Safety: deny state-changing tools unless preconditions pass (auth, policy). Router never overrides policy.
10) Ops: observability, drift, and updates
Trace every decision: input hash, embedding version, top-k scores, chosen path, outcome.
Dashboards: route share, abstain rate, flip rate post-update.
Drift: monitor cosine to centroids over time; alert on distribution shift.
Rollouts: shadow → canary → GA with auto-rollback on gates breach.
11) Privacy & ethics
Redact PII before embedding; avoid logging raw prompts.
Avoid sensitive-attribute routing unless explicitly consented and necessary.
Provide a “Why this path?” explainer in UI—list the detected intent and alternatives.
12) Anti-patterns to avoid
Sending every message to the LLM and calling it “routing.”
No abstain path (forces wrong decisions).
Over-fitting with synthetic utterances only (fails in the wild).
Re-asking clarifications serially (frustrates users; raise one decisive question).

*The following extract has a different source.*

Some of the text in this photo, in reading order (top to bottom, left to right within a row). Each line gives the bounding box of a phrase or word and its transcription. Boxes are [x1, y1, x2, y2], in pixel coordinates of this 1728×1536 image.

Mixing personalization into the retrieval stage such that filters break—keep it for rerank.
13) 30/60/90 plan to production
0–30 days
Define 6–12 high-volume routes; collect 100–200 utterances each.
Build centroid router with τ/δ calibration for precision.

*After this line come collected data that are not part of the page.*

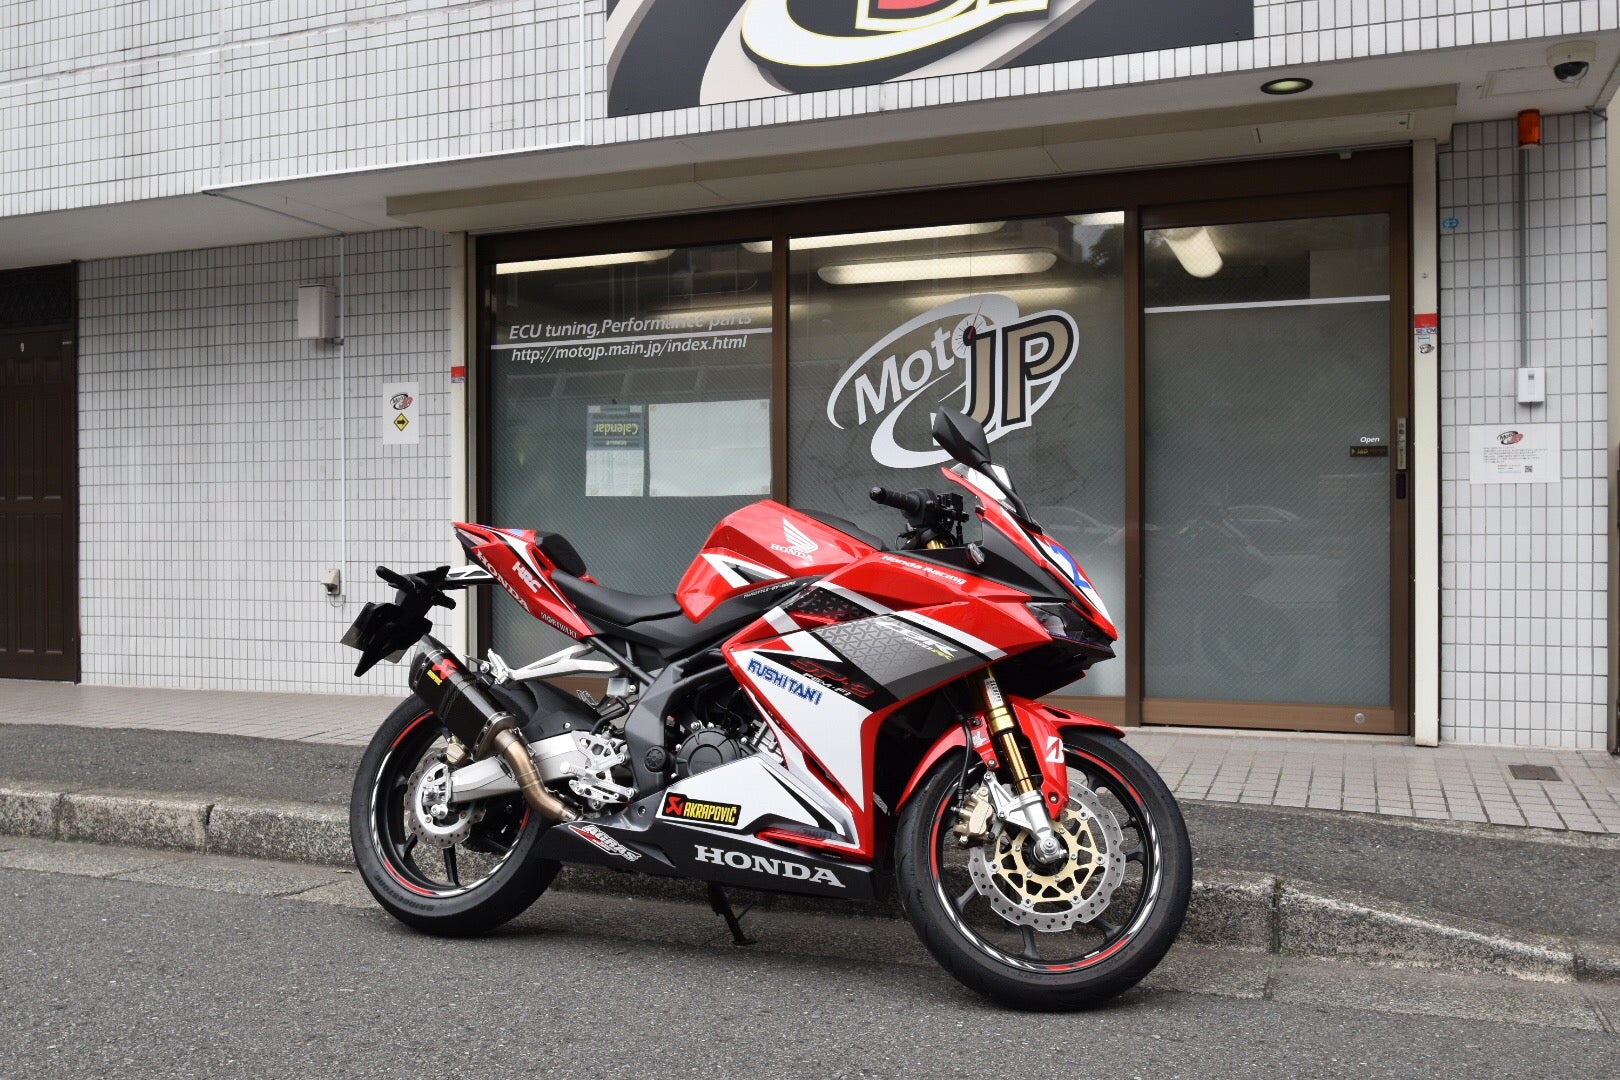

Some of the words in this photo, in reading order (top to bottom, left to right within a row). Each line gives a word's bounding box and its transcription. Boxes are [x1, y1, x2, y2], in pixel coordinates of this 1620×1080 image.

[509, 324, 541, 339] ECU
[709, 311, 753, 330] parts
[512, 335, 747, 362] http://motojp.main.jp/index.html
[962, 310, 1079, 432] JP
[594, 423, 639, 436] Calendar
[1360, 436, 1380, 444] Open
[770, 544, 814, 561] HONDA
[476, 549, 530, 613] HONDA
[512, 561, 542, 594] HRC
[882, 555, 922, 570] Honda
[924, 566, 966, 585] Racing
[747, 657, 823, 706] KUSHITANI
[694, 844, 846, 888] HONDA

Add deterministic short-circuits (IDs, exact intents).
Instrument decisions; baseline latency/cost/TSR.
31–60 days
Add coarse→fine heads; integrate RAG confidence early-exit.
Introduce single clarification step on abstain.
A/B compare against “always LLM”; gate on TSR and P95.
61–90 days
Add bandit routing for path selection where multiple handlers compete.
Drift monitors + weekly refresh; auto-rollback on gate breach.
Expand to voice/WhatsApp; locale-specific encoders if needed.
14) Minimal library stack (pick and swap)
Embeddings: open-source (E5/MiniLM/bge) or hosted embeddings.
ANN: FAISS / Qdrant / Milvus / Pinecone for centroids & neighbor search.
Router lib (optional): semantic-router-style abstractions if you prefer DSLs.
Data: pandas/Polars for curation; sklearn/logreg for calibrated heads.
Serving: FastAPI/Express with edge-friendly SSE for streamed clarifications.
Closing
Semantic routing makes LLM agents faster, cheaper, and safer by steering work to the right handler—and confidently saying “not sure” when needed. Start with centroids + thresholds, wire in a single clarification, keep evaluation honest, and iterate. Once routing is reliable, your agent stops being a universal hammer and becomes a competent dispatcher—exactly what production systems need.